Most of the people look for a low investment franchise opportunity. One of the most significant barriers of a franchise business is not exactly starting your own business, where your entire capital amount is invested in your works, but here an ample amount of your initial investment goes to the franchisor as fees for equipment, training, and licensing rights. You can see what the franchise company will be offering to your investment franchise fees, and have to thoroughly consider the time it will take to earn your investment amount back. 

  1.   Higher level of restriction 

The person who is purchasing franchise must abide by the franchisee agreement, which places several restrictions as to the types of products and services offered, geographic location, marketing, and advertising strategies, prices, and more. If a franchisee has a better idea of a marketing campaign or some interesting fact about a product, they cannot enforce it. 

  1.   Demand and track record 

Just because you want to start your own business and a company provides you with a franchise opportunity in India doesn’t mean it’s worth taking up. You should analyze in a better way before purchasing as how they have been successful in their business. 

Before starting your own business, first, have to find out the demand for the service or the product that you are ready to start. Suppose you are planning to purchase an overseas franchising license, then be careful in what is selling well in other countries may not be well-received here. So never get into an opportunity without doing your research. The essential for expansion should also be thought if you are planning to expand your branch out in the future.

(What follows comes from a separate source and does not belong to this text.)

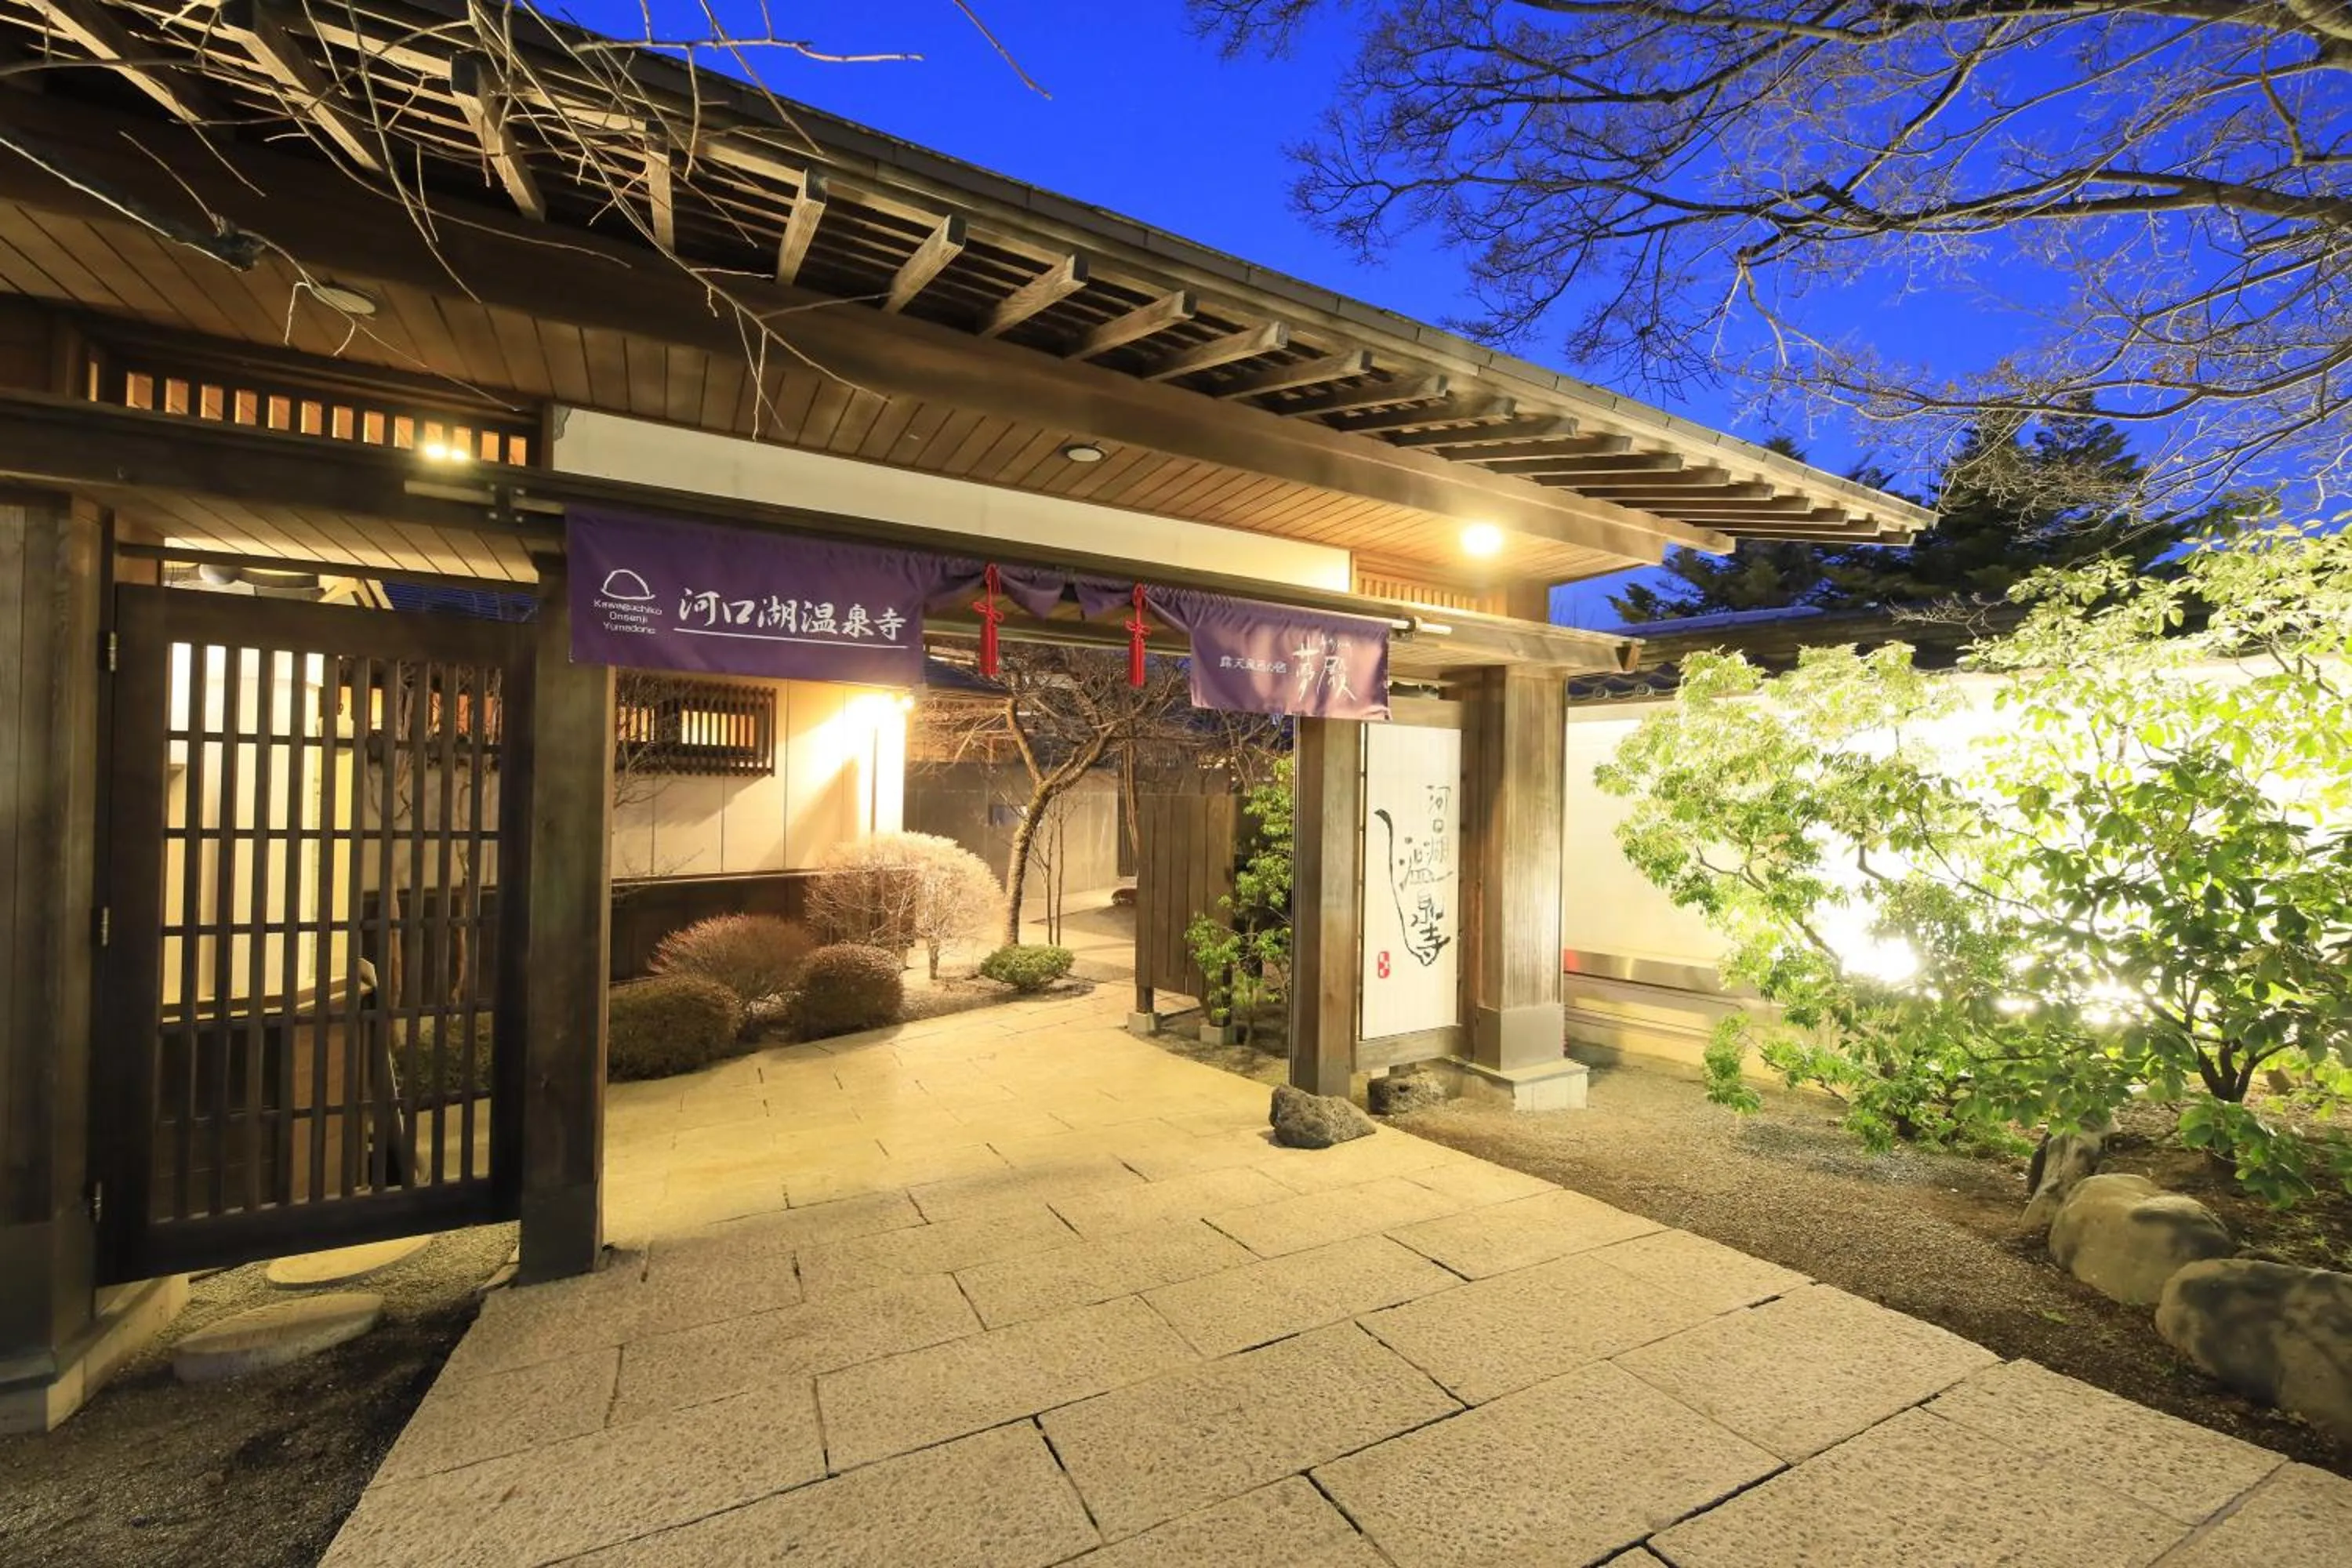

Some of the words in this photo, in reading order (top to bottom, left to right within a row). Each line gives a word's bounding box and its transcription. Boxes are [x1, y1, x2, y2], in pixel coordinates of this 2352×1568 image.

Analyze the company’s franchising track record or speak-out to current franchisees about their experience so that you will get a clear view of whether the franchise is worth or not. 

  1.   Capital risks

Capital risks come up only when the franchisor doesn’t have the proper resources to meet up with your growth plans. You have to carefully examine the financial statements in the franchise disclosure document (FDD) to know how actually franchisor is well-capitalized. In order, if you want a full financial picture, you have run a Dun & Bradstreet credit report on both any affiliated companies and franchisor. 

  1.   Suitable region 

You have to do a complete analysis on whether the concept will work good in your chosen market or your area because not all the franchise will work well in every region. Franchise in a coffee shop can be the right choice in a metro city, but you should give it a second thought while choosing in an urban or rural area. However, franchise opportunity in the education sector might be a wise decision that can work in all-region.